YOUR ASSIGNMENT:
All of the data that follows is to be written out exactly, with images excluded.
══ DATA FOR REVIEW ══
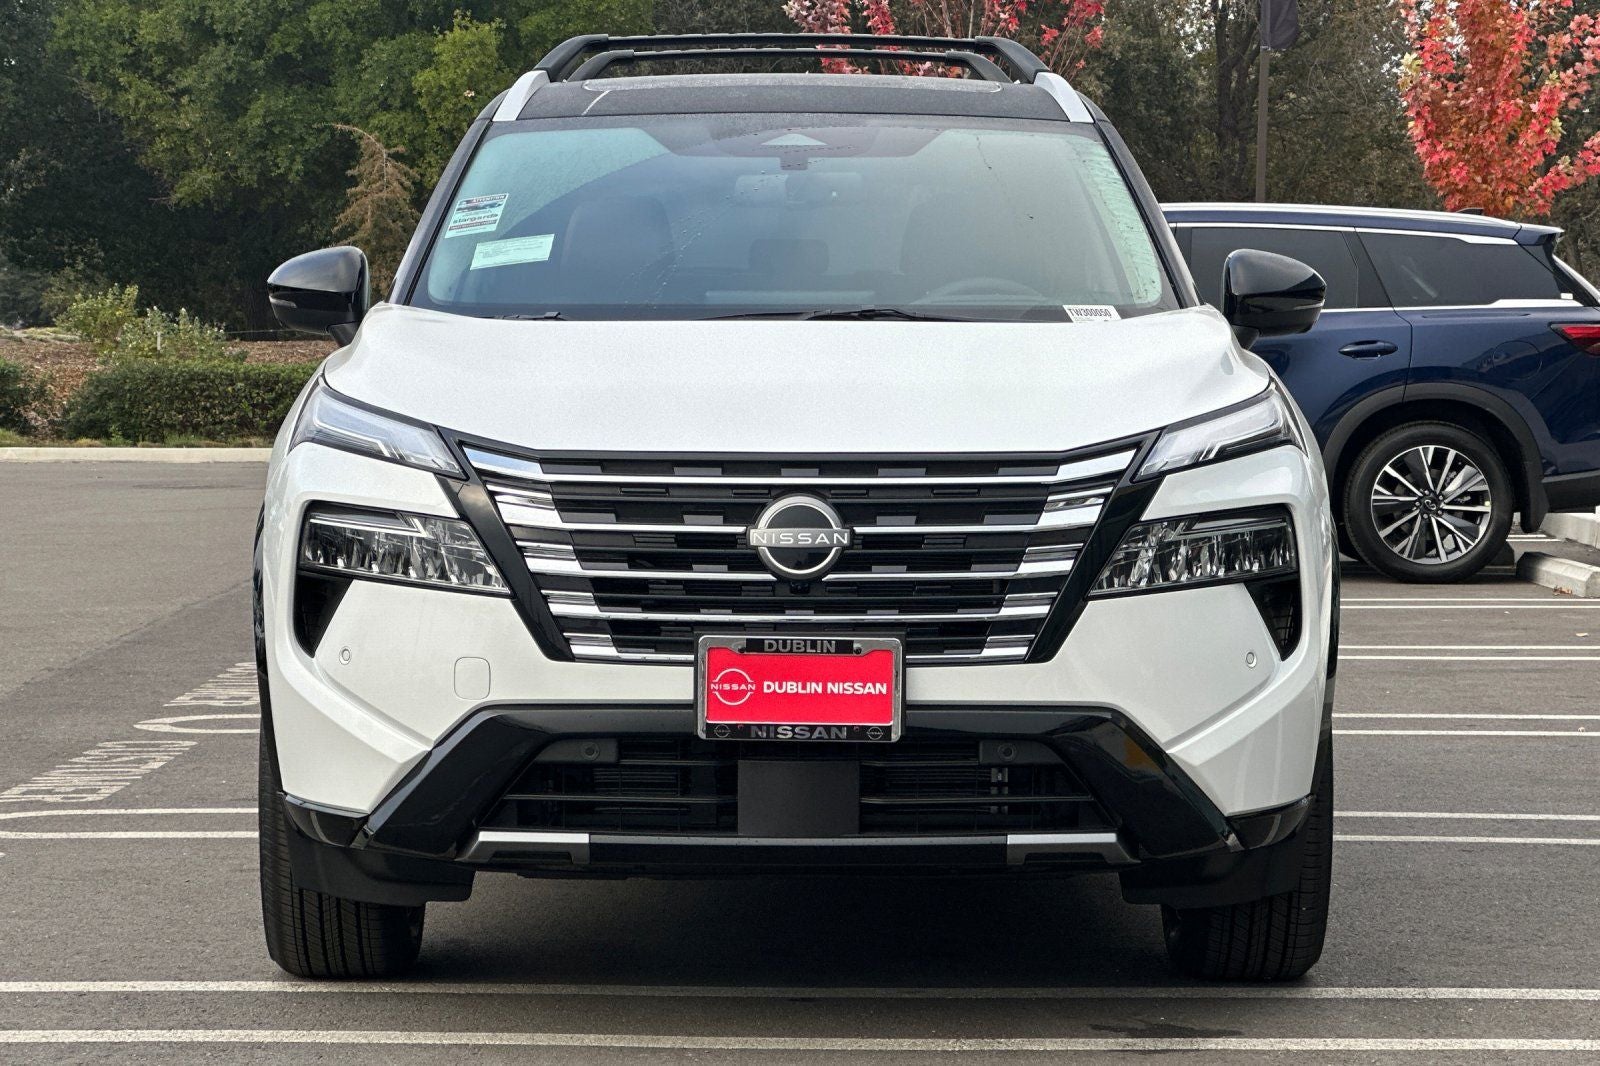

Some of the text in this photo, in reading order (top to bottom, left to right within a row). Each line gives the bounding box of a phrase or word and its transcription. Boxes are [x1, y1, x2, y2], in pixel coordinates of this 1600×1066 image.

[753, 532, 848, 545] NISSAN
[763, 639, 836, 653] DUBLIN
[710, 681, 887, 695] NISSAN DUBLIN NISSAN
[750, 725, 847, 740] NISSAN
═══
WORKED SOLUTION:
Some of the text in this photo, in reading order (top to bottom, left to right within a row). Each line gives the bounding box of a phrase or word and its transcription. Boxes are [x1, y1, x2, y2], in pixel coordinates of this 1600×1066 image.

[753, 532, 848, 545] NISSAN
[763, 639, 836, 653] DUBLIN
[710, 681, 887, 695] NISSAN DUBLIN NISSAN
[750, 725, 847, 740] NISSAN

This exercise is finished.